J’en connais qui se font coller des faux cils, un par un, et non sans souffrances, à chaque représentation. Je suis convaincu que si elles se servaient des simples crayons gras, de bonne marque, elles s’épargneraient bien du travail, du temps, des ennuis et de l’argent, pour un effet identique.
Les comédiens, en général, se griment beaucoup moins que les chanteurs ; cela tient à ce que les salles dans lesquelles ils jouent sont plus petites ; il n’y a pas d’orchestre, l’acteur est très rapproché du, public et joue constamment en costume moderne.
Revenons maintenant à notre point de départ : rimés comme je viens de le décrire, nous pouvons impunément affronter la rampe, rien ne sera perdu de nos jeux de physionomie... si nous en avons.
Voyons maintenant le côté « artistique » de notre affaire. Notre personnage est-il jeune ou vieux ?
S’il est jeune, la technique que j’ai donnée ci-dessus s’applique sans rien changer, s’il est vieux, on trouvera des crayons gras de tons appropriés à toutes les couleurs de peau, - on évitera le rouge autour des yeux, il rajeunit - enlever aussi le bleu des yeux qui leur donne trop d’éclat, le remplacer par du bistre, couleur des paupières fripées ; pas de rouge aux lèvres ; creuser les joues et dessiner quelques rides sur le front.
Le moyen rationnel consiste à grimacer, ce qui fait plisser le visage, et à passer l’estompe bistrée dans ces plis qui représentent la place naturelle des rides... futures. Terminer eu creusant le sinus naso-labial et en marquant, sans exagération, la patte d’oie.
Si le personnage est très vieux, du blanc dans les sourcils donnera facilement dix ans de plus. Nous arrivons maintenant devant le côté le plus intéressant de l’art du grime.
Notre tête est faite, le personnage est vivant, jeune et beau, mais peut-il indifféremment représenter Werther ou Don José ? Existe-t-il des procédés qui, sans le secours des barbes et perruques, puissent éveiller l’idée de la nature intime de notre héros ? Oui, ces procédés existent, mais ils exigent, comme je l’ai déjà indiqué plus haut, de la psychologie et du dessin.
Il est indispensable pour cela de savoir quelle est la forme de sourcils qui caractérise les jaloux, quel front est celui des mystiques, quel détail de trait différencie un naïf d’un benêt, et quelle forme de lèvres peut avoir Des Grieux, que ne saurait avoir Werther, etc., etc. C’est toute une science à connaître, « la Physionomie », science bien attrayante mais compliquée.
Il ne me reste plus qu’a dire un mot de ma quatrième division que j’ai appelée « orthopédique », terme impropre d’ailleurs.

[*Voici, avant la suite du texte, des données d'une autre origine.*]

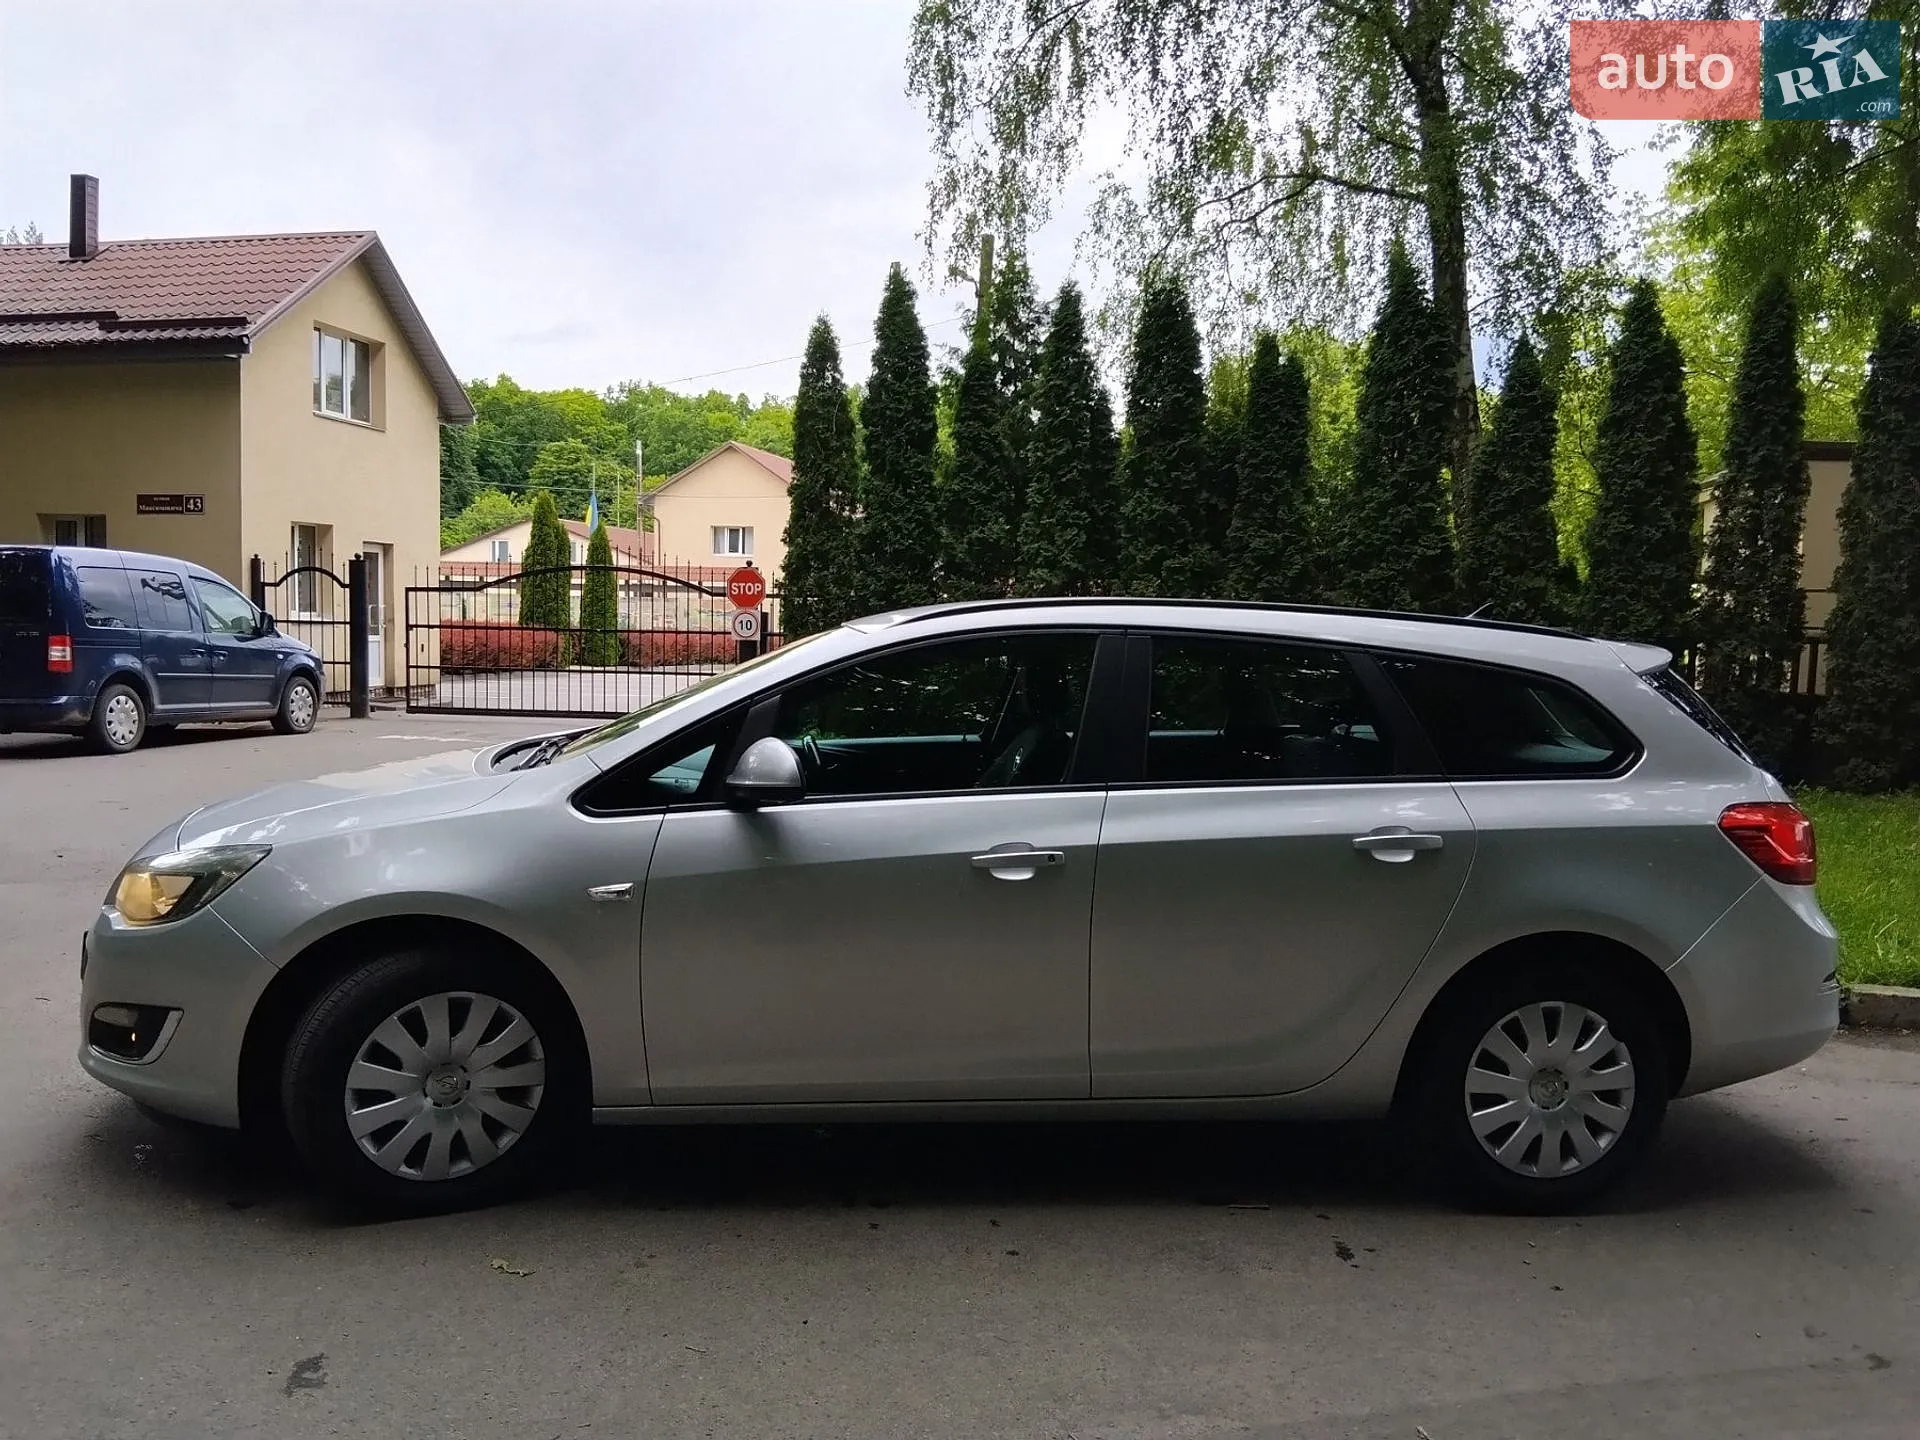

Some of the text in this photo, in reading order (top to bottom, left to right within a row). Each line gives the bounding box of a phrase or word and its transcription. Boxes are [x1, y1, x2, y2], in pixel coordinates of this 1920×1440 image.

Tout le monde sait qu’avec de la pâte à front ou un morceau de diachyl recouvert de crayon chair on se fabrique un nez admirable ou grotesque, on peut à son gré lui donner la forme préférée, grec, Bourbon, ou pied de marmite ; mais ce qu’on sait moins c’est qu’un habile grime peut obtenir le même résultat avec une estompe et des crayons ; c’est alors la peinture se substituant à la sculpture. On peut aussi dégonfler un visage bouffi ou engraisser un visage maigre.
Certains traits sont une gêne permanente pour certaines expressions ; il faut, systématiquement s’en défaire. J’ai connu une superbe falcon à laquelle des sourcils en arc prêtaient constamment une physionomie étonnée.
Que d’exemples on pourrait citer d’acteurs obligés de lutter contre leur physique, que de comiques à visage lugubre, que d’artistes dramatiques à visage trop réjoui, que de fossettes gênantes, de mentons trop pointus, etc., etc. !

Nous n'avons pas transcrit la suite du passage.